I imagine the results would be less Big Brother than Big Bother. The couple would soon discover they could not eat in restaurants that go without irregular health inspections. They also wouldn’t be able to drive a motor vehicle, since road construction is state-subsidized and all big automakers other than Ford received post-08 bailouts. And forget about cruising the Internet, that spawn of a seventies-era federal initiative to connect the computer departments of government-funded universities.
The two would have to find an off-the-grid cabin, as utility companies are heavily regulated at the state and federal level. At this point the dispirited duo might be tempted to drink themselves to death, but alcohol is also regulated and taxed south of the border, so that route of escape is out, along with FDA-approved drugs.
Opting out of the gene pool by holy handgun is also out, since the firearms industry is directly subsidized through mammoth Pentagon and law enforcement contracts. Short of holidaying in that Libertarian paradise, Somalia (which has been without a recognized government since 1991) the couple would have to find more creative ways to off themselves. Having opted to travel south of the border without extended Canadian health insurance, they’d have to get it right the first time. There’s no way they could end up in a US hospital under Obamacare.

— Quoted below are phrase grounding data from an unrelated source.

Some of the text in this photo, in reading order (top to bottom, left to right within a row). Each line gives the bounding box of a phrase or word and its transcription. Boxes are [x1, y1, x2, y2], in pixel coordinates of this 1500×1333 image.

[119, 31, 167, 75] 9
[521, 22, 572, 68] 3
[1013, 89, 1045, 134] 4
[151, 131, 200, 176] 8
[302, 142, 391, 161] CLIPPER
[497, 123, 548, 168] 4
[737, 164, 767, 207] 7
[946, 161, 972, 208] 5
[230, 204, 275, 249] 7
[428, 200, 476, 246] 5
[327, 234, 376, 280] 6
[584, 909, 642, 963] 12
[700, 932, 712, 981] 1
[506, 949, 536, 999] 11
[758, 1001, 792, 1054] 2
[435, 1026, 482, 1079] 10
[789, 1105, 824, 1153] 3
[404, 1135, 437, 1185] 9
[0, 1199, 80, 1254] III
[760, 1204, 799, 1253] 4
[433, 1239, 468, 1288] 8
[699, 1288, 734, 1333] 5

At least they would be able to smoke as much weed as they want as Libertarians – as long as they didn’t purchase it in Colorado or Washington, where legalized marijuana is taxed at the state level.
The reality TV series would highlight how pervasive government is in the average American’s life, in ways valuable to some and vice-ridden to others. But what about Soviet Canuckistan? Prior to tracking their freedom-seeking couple’s adventures in the US, the series could arrange for them to visit with the leader of the Libertarian Party of Canada.
Rick Moen is the guy who campaigned in the 2014 Fort McMurray—Athabasca by-election by saying he wanted “gay married couples to be able to protect their marijuana with guns.” I have no doubt he’s sincere and that a lot of Canadians would champion that sentiment (I’m onside myself, at least three quarters into the statement).
Alas, the Canadian Libertarian Party, originally founded in 1974, has yet to elect a single representative to the House of Commons and “has never received more than 0.25 per cent of the popular vote” according to Wikipedia.
Perhaps the ungarbled, unscrambled transmission of “Living Libertarian” could raise that figure eightfold, to two percent.